Reader Comments

Post a new comment on this article

Different effects on reading scores in subgroups?

Posted by pspjxr on 14 Nov 2012 at 10:55 GMT

The results reported for reading scores show a statistically significant effect in favour of DHA for the subgroup with baseline reading score ≤20th centile. Within that subgroup the effect appears to be due mainly to the subgroup with baseline reading score ≤10th centile. In fact, calculations that can be made using the data provided in the text (and repeated in Figure 2 and Table 4) appear to show that for the subgroup comprising the ≤20% to >10th centile there was a negligible benefit of DHA, and that for the subgroup comprising ≤33% to >20th centile the effect was, if anything, in favour of placebo. (These calculations assume, among other things, equal or nearly equal numbers of active- and placebo-supplemented participants in these subgroups.)
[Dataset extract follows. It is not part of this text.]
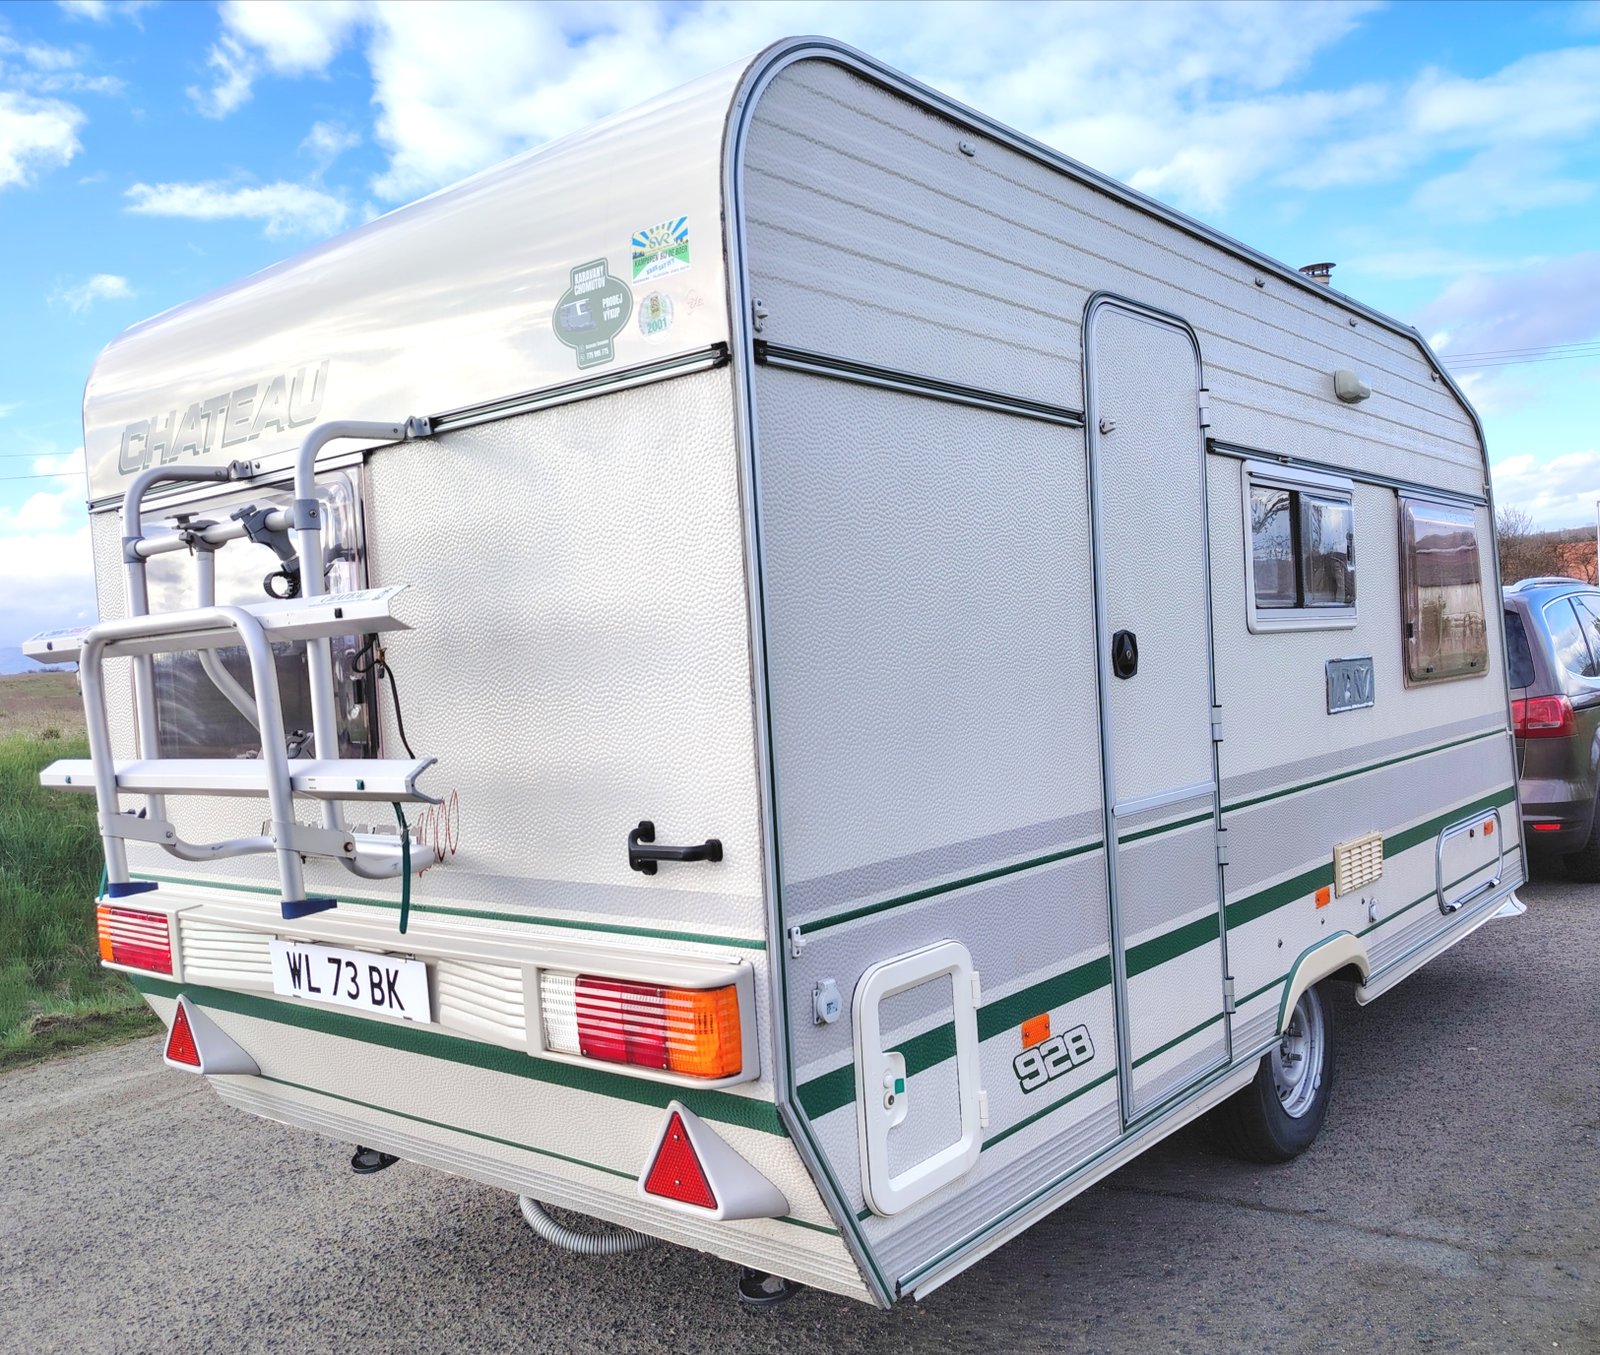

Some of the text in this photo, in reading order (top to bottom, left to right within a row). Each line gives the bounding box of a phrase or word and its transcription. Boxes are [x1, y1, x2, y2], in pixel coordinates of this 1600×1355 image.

It would be helpful if the authors would provide the results to illustrate this interaction; that is, the mean change scores for the children in the ≤33% to >20th centile following active and placebo supplementation (total n=138) and the same for the children in the ≤20% to >10th centile (total n=119) and test whether these differ from the scores of the children in the ≤10th centile subgroup. Recent discussions highlight the importance of testing for an interaction to demonstrate differences between subgroups, even where subgroup analyses are pre-planned (Brookes et al, 2004).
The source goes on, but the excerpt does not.